Aproveito este domingo de Dia dos Pais, no qual vivi emoções incríveis ao lado de meus dois filhos, com quem chorei abraçado após ouvir a declaração deles em programa da rádio CBN, produzido pela sensível e competente Pétria Chaves, para agradecer ao meu pai pela atitude corajosa que tomou há 45 anos. É bem provável que o tempo me daria as lições necessárias para seguir meu destino, pois tenho convicção de que nasci predestinado a ser gremista, mas, como escrevi logo na abertura desta Avalanche, se nasce apenas com um nome e, portanto, é preciso que pessoas e fatos o levem para o caminho traçado nem que seja aos trancos e barrancos. Às vezes, até com bandeiradas (de leve, mas bandeiradas). Meu pai não titubeou ao ver o guri correndo riscos e fez o que lhe veio na cabeça. Hoje, costuma pedir desculpas e dizer que não repetiria o gesto, quando tenho apenas gratidão a lhe oferecer. E o faço publicamente em um momento que muitos devem imaginar impróprio dado o resultado frustrante em campo – frustrante e injusto, registre-se. Por que o faço neste momento? Porque meu pai me ensinou muito mais do que para qual time torcer. Vem dele o meu desejo de acertar, minha cobrança sistemática pela perfeição, mesmo sabendo que não a alcançarei.
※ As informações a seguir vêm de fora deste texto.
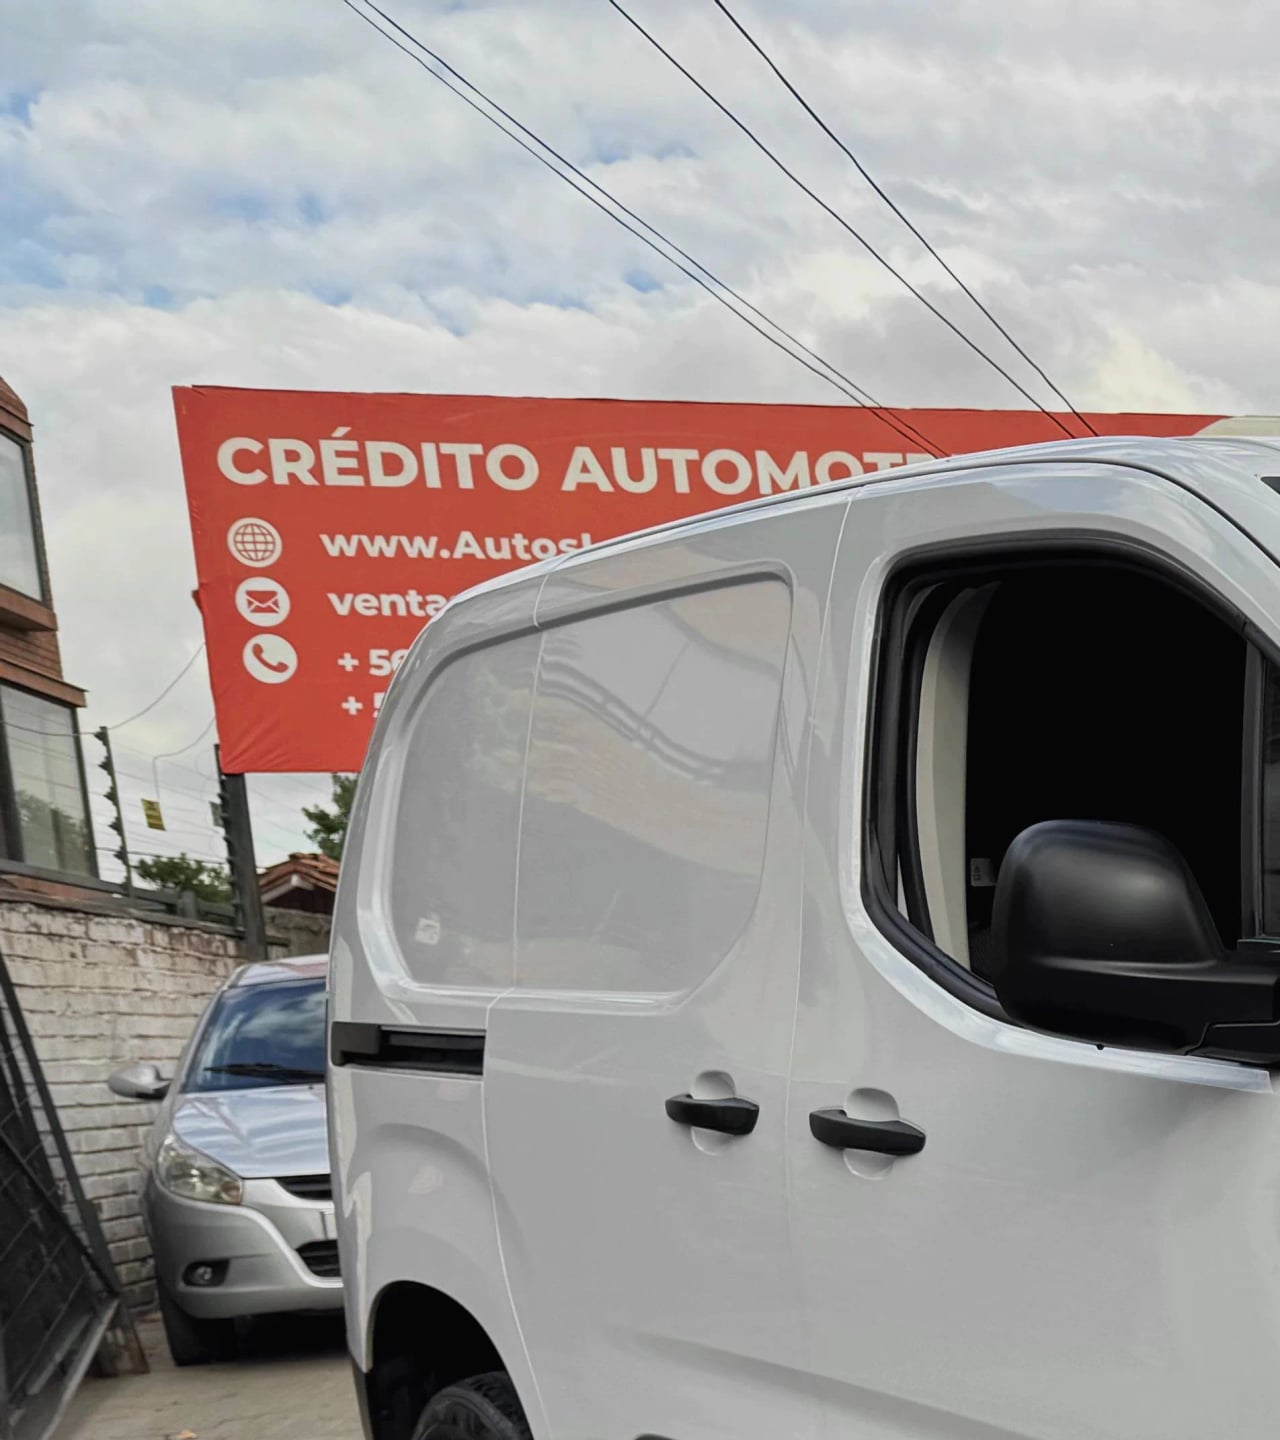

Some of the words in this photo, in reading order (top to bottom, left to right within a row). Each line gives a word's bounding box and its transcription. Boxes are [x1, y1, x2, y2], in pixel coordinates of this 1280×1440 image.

Aprendi com ele que não devemos abrir mãos de nossas convicções e verdades, apesar de amigos e colegas muitas vezes nos forçarem a trilhar outras estradas. Adotei o desejo de lutar sempre, ainda que estejamos fragilizados diante do adversário. Ele me fez entender que as derrotas fazem parte da vida e jamais podemos desistir, pois lá na frente algo muito maior nos aguarda. Fui forjado a crescer no sofrimento e ter prazer na vitória.

 

É diante de tudo isso que, neste domingo, independentemente do quanto não merecíamos o resultado alcançado, que lhe agradeço pai por ter me ajudado a ser o homem que sou. E, claro, por ser gremista.